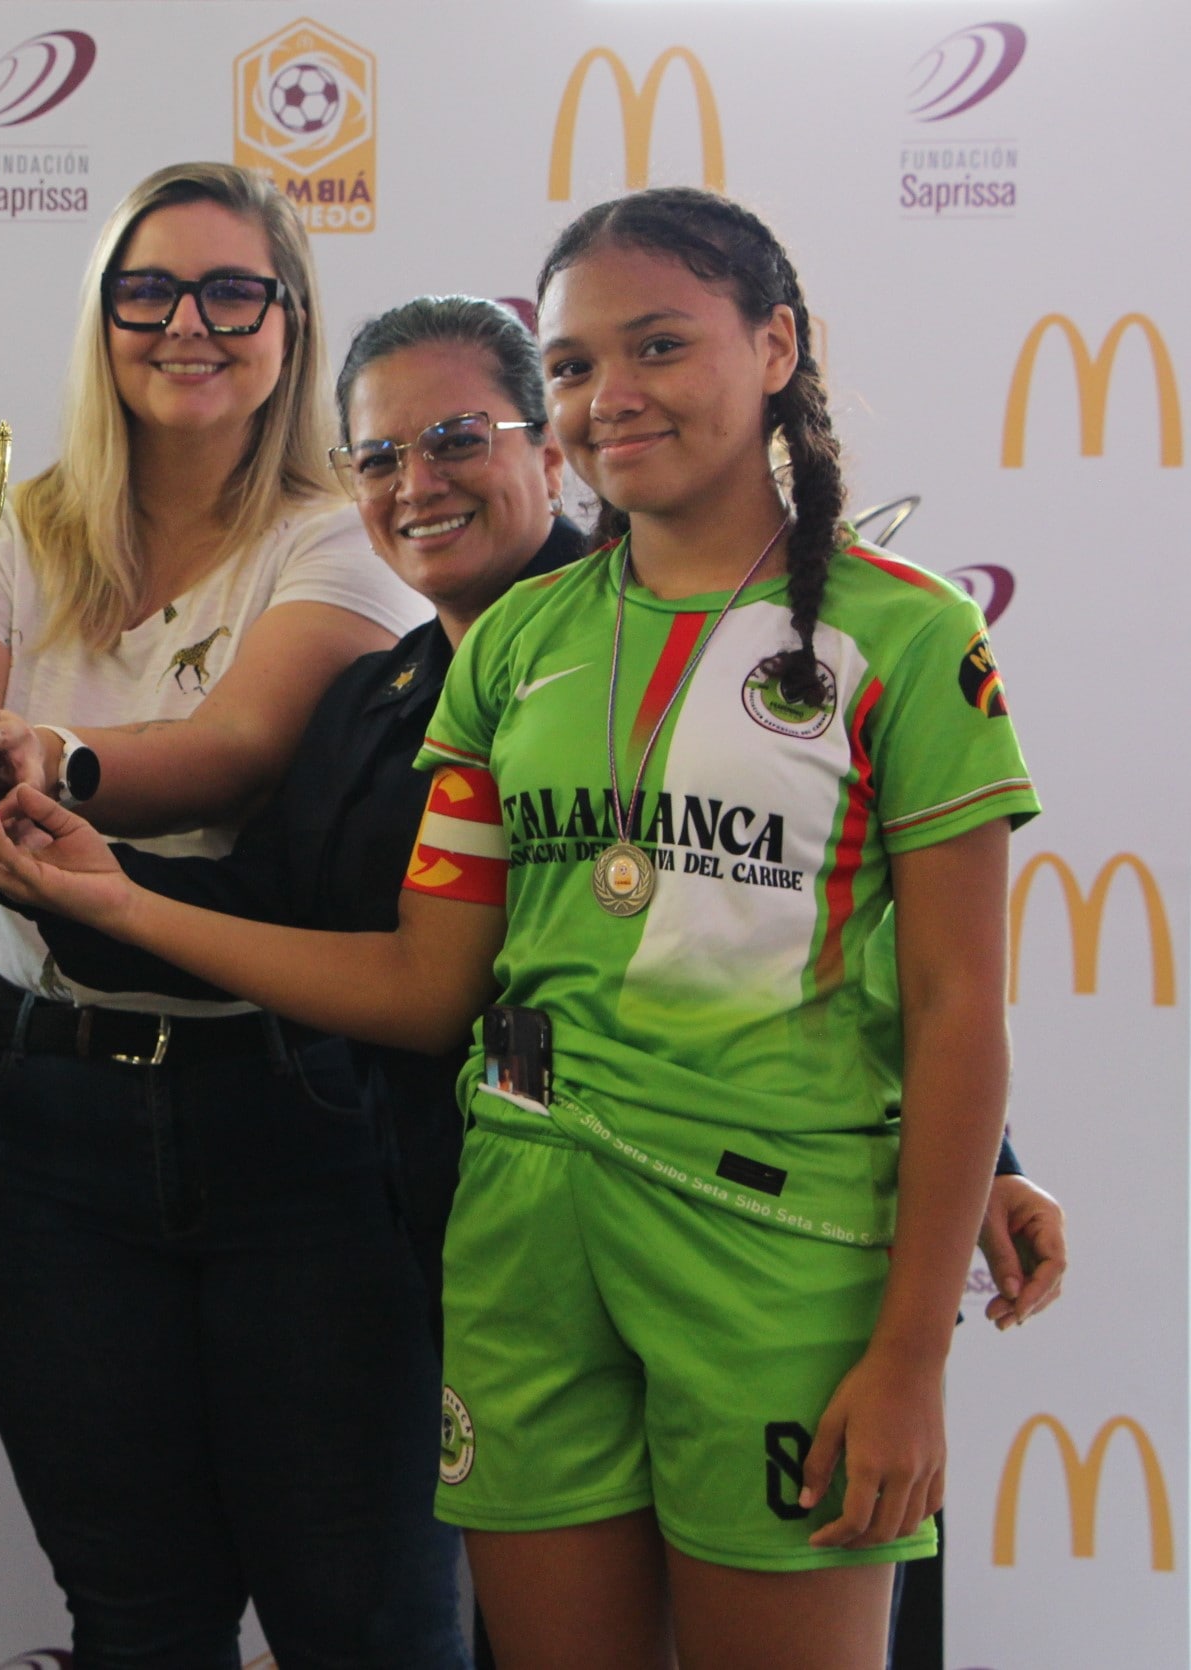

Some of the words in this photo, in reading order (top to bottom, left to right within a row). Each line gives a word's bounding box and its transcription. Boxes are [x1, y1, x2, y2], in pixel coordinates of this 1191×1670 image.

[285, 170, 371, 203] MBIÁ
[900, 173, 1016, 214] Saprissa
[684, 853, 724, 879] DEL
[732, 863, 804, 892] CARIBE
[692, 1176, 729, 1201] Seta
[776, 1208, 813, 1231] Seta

* **WHAT THE EXERCISE ASKS**
Give back every line of the material exactly as written, but not the pictures.

* **ANSWER FOR THE TASK**
Some of the words in this photo, in reading order (top to bottom, left to right within a row). Each line gives a word's bounding box and its transcription. Boxes are [x1, y1, x2, y2], in pixel coordinates of this 1191×1670 image.

[285, 170, 371, 203] MBIÁ
[900, 173, 1016, 214] Saprissa
[684, 853, 724, 879] DEL
[732, 863, 804, 892] CARIBE
[692, 1176, 729, 1201] Seta
[776, 1208, 813, 1231] Seta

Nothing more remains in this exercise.